Problem to solve
All that is wanted is the exact text of each line from the one with "this 1600×1066 image." to the close of the listing, ends included.

Data to examine
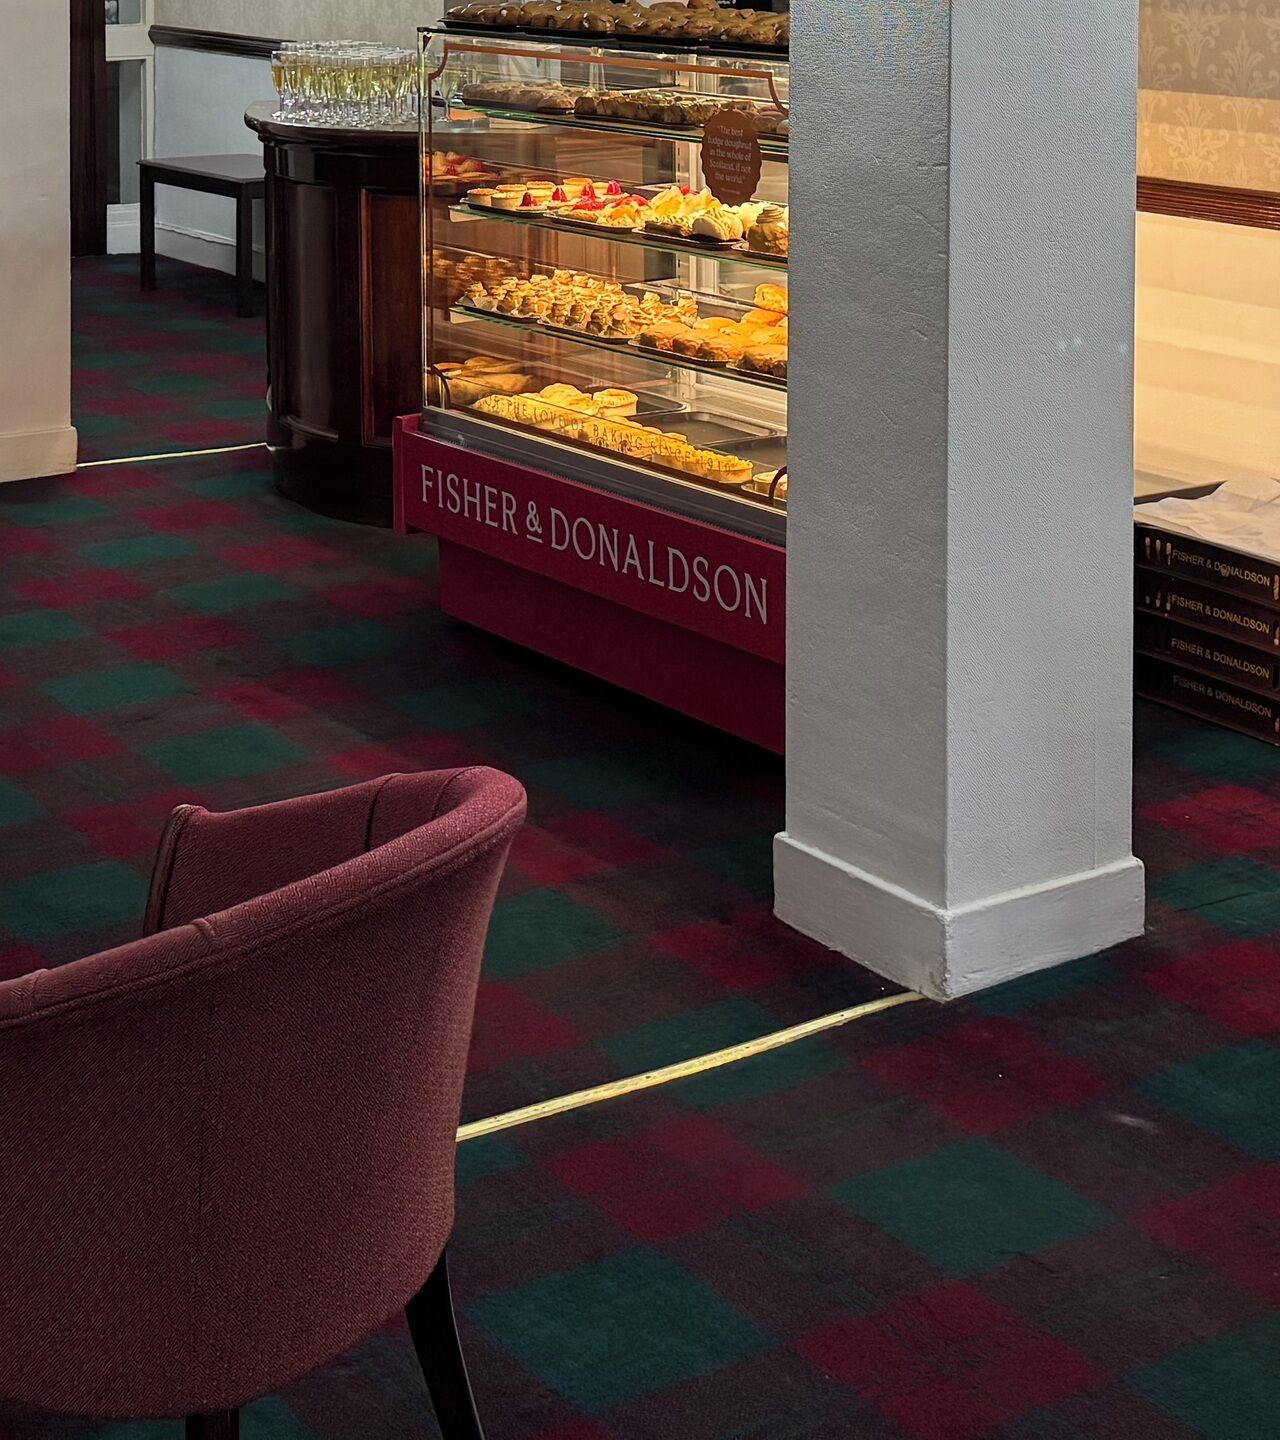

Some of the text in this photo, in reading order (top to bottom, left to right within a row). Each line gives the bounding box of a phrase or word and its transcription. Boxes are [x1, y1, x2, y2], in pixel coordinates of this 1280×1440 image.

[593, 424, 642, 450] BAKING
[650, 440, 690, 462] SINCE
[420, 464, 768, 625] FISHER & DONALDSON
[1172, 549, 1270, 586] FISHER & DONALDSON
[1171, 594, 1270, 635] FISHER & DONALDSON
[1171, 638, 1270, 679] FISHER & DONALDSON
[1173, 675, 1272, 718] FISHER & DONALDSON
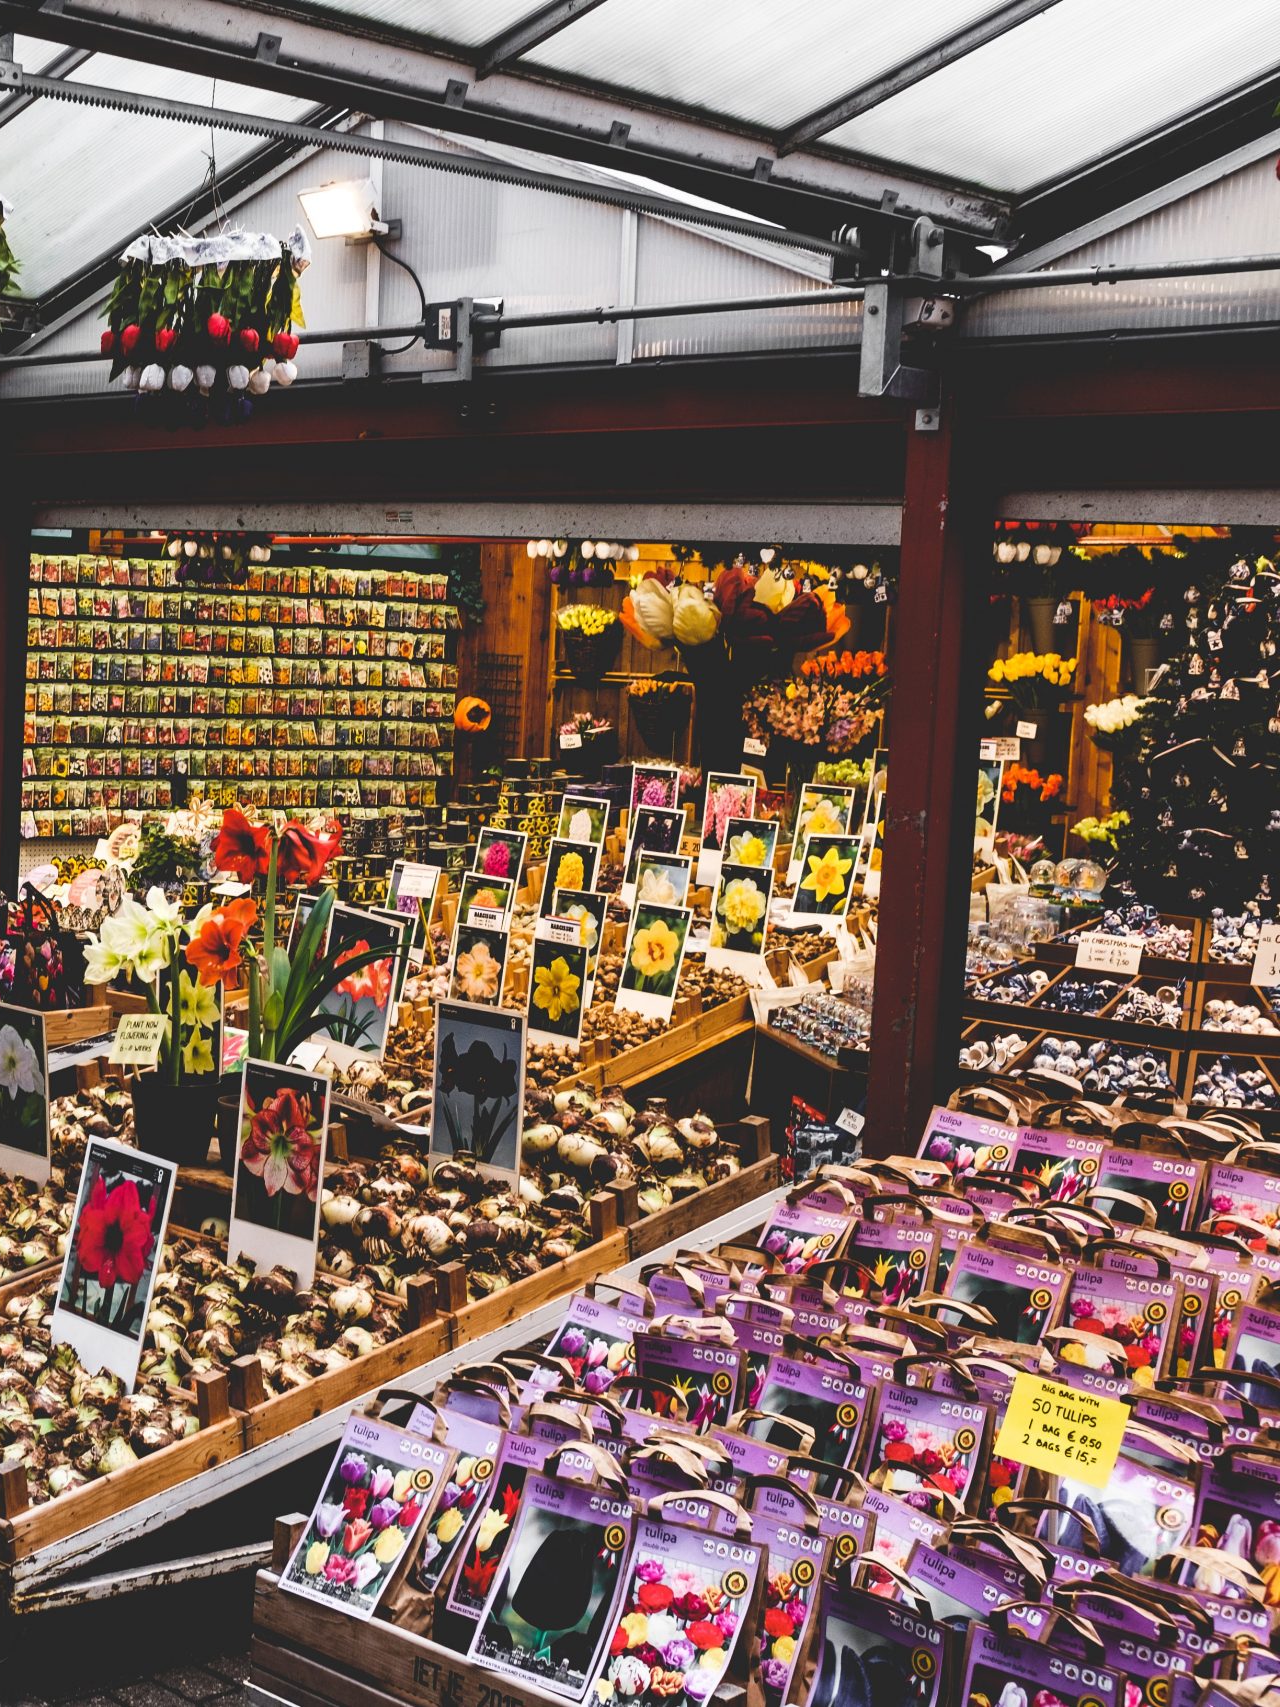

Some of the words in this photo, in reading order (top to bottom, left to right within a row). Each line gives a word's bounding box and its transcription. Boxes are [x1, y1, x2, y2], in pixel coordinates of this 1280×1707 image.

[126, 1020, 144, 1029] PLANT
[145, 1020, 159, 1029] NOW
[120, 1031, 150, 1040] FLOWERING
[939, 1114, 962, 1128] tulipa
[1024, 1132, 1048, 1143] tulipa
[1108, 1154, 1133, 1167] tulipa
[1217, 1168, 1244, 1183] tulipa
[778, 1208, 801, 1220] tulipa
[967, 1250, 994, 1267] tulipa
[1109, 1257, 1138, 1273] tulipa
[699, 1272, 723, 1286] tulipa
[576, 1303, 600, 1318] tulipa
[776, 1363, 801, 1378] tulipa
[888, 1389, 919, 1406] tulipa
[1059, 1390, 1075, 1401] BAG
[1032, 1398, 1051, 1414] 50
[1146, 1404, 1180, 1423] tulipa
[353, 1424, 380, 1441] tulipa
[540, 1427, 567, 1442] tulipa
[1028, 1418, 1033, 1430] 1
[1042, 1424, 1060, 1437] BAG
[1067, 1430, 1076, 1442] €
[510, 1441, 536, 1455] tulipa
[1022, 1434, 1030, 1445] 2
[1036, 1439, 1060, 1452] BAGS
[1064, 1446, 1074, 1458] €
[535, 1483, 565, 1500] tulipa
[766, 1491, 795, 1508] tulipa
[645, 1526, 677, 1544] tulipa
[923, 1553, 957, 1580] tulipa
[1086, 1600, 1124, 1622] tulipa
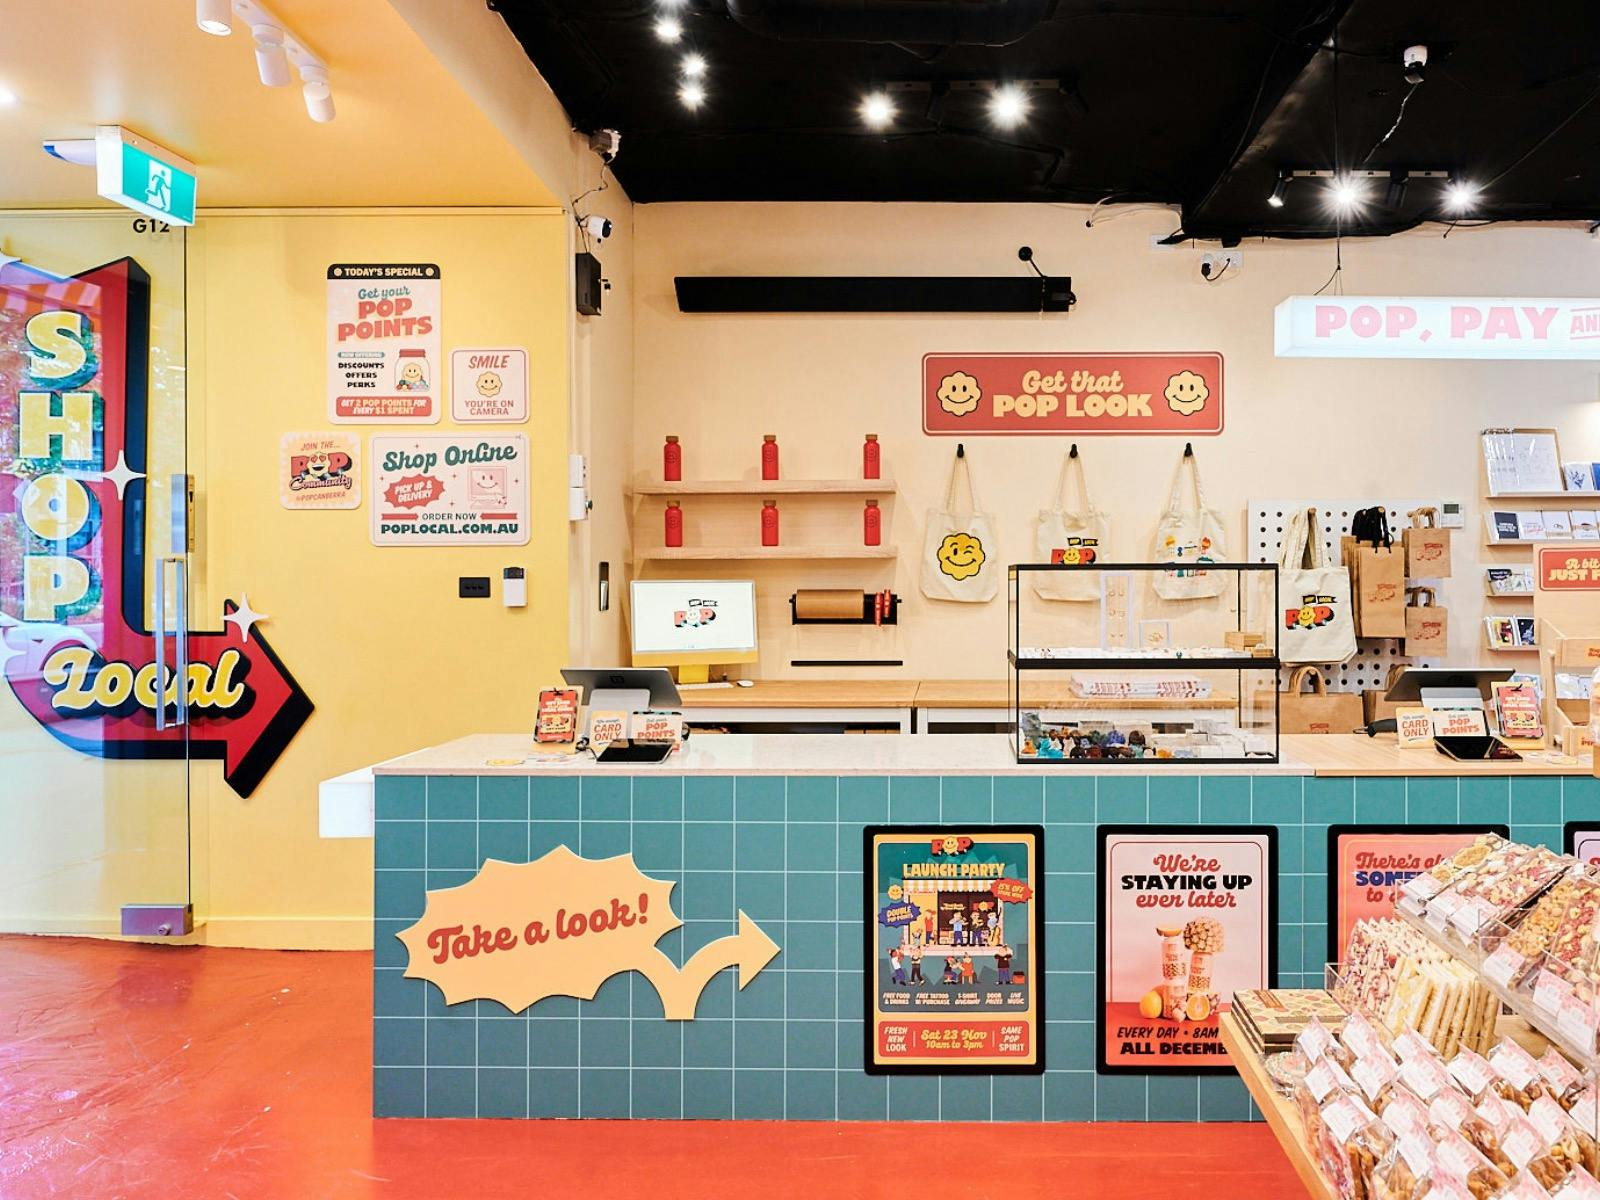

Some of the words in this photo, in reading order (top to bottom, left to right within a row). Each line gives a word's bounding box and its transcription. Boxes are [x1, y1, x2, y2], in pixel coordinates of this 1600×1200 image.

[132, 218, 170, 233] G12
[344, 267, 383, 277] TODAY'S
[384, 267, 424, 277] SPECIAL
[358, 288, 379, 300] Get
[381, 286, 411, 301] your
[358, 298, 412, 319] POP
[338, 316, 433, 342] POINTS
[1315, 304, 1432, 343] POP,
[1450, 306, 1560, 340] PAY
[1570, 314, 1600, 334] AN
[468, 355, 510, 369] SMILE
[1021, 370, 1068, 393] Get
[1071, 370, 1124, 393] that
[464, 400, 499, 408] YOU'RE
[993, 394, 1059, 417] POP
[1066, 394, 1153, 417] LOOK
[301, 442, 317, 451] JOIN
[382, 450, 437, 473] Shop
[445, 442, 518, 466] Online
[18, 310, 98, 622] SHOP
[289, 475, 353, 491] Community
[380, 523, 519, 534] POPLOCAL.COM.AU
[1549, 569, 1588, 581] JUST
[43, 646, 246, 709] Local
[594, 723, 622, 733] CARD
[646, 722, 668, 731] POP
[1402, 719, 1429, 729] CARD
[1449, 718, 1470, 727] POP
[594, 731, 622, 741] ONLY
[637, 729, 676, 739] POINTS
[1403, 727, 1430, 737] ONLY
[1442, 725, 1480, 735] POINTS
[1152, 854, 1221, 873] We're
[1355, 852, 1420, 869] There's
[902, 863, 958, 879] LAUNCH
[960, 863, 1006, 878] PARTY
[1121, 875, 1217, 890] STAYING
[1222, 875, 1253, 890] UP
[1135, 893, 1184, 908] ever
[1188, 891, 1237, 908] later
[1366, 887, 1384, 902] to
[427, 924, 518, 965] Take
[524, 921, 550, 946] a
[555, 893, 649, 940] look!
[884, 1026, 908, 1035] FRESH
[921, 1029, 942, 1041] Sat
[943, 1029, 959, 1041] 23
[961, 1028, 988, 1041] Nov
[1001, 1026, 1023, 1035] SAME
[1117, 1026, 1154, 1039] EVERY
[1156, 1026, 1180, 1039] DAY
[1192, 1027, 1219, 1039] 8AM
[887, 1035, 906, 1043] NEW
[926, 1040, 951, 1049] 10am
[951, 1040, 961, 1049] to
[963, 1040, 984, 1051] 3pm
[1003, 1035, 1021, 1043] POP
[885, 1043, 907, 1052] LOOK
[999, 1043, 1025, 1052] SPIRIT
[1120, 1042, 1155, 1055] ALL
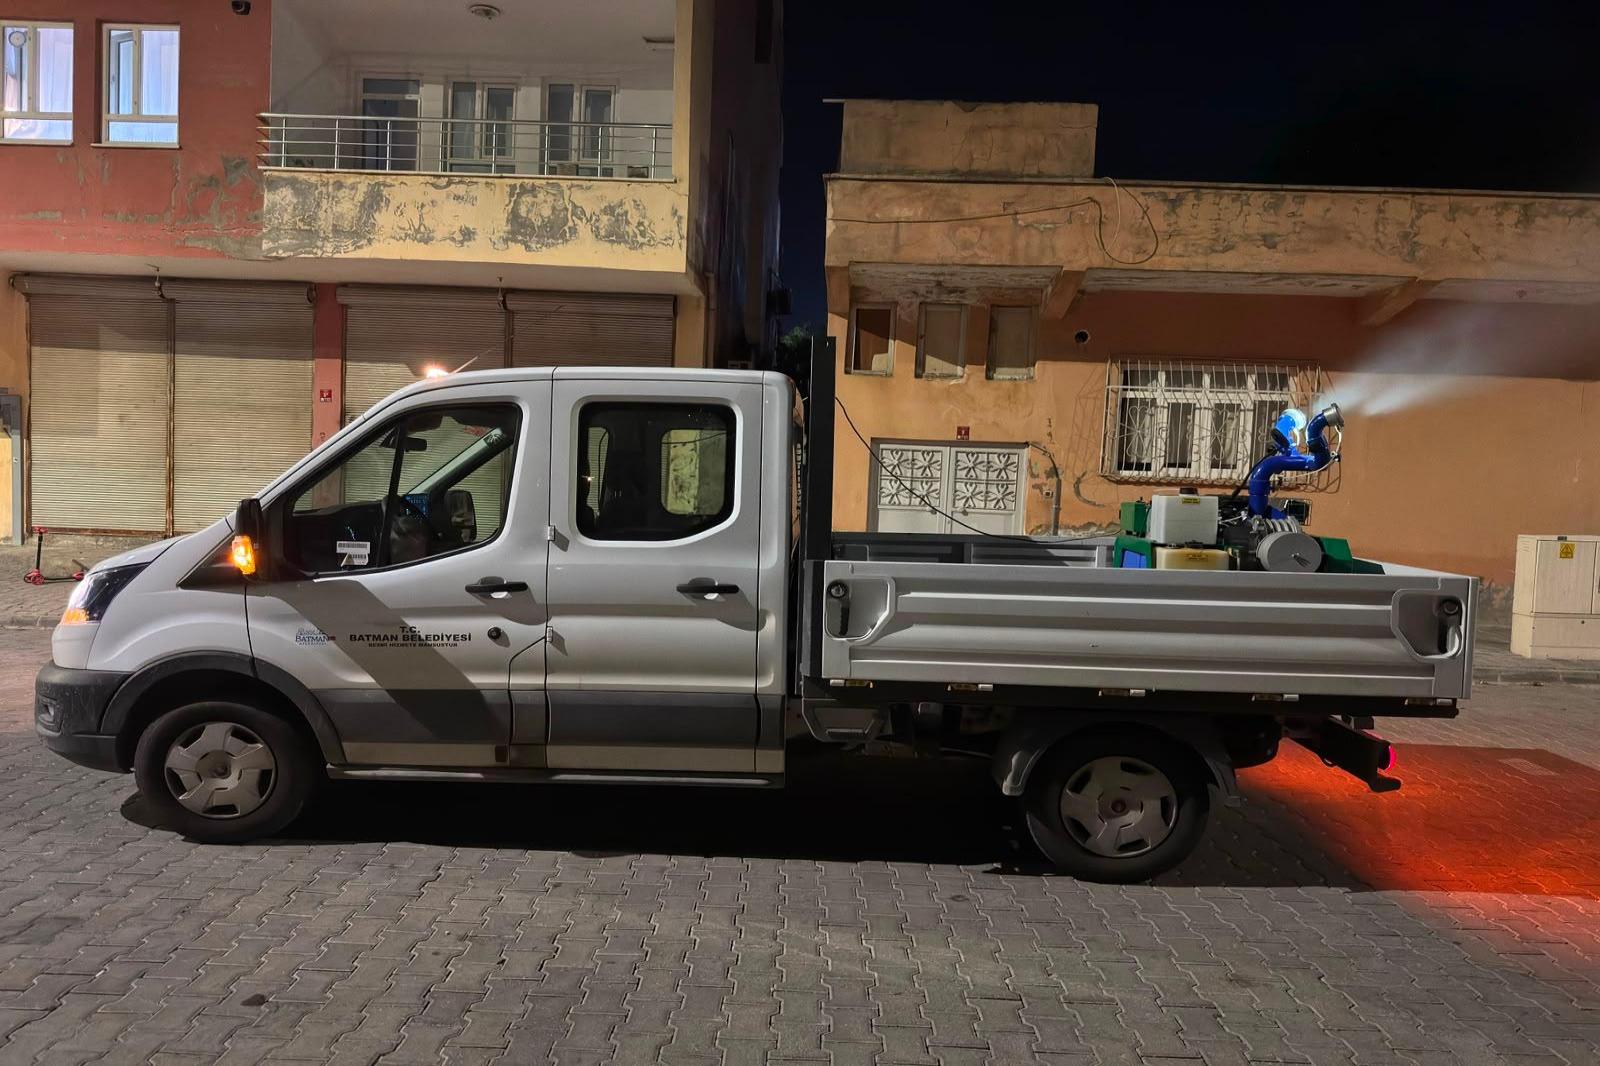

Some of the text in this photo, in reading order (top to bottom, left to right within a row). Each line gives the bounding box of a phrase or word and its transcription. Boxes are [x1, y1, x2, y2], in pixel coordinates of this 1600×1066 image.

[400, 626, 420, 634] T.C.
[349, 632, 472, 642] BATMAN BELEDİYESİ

Exercise result
Some of the text in this photo, in reading order (top to bottom, left to right within a row). Each line gives the bounding box of a phrase or word and its transcription. Boxes are [x1, y1, x2, y2], in pixel coordinates of this 1600×1066 image.

[400, 626, 420, 634] T.C.
[349, 632, 472, 642] BATMAN BELEDİYESİ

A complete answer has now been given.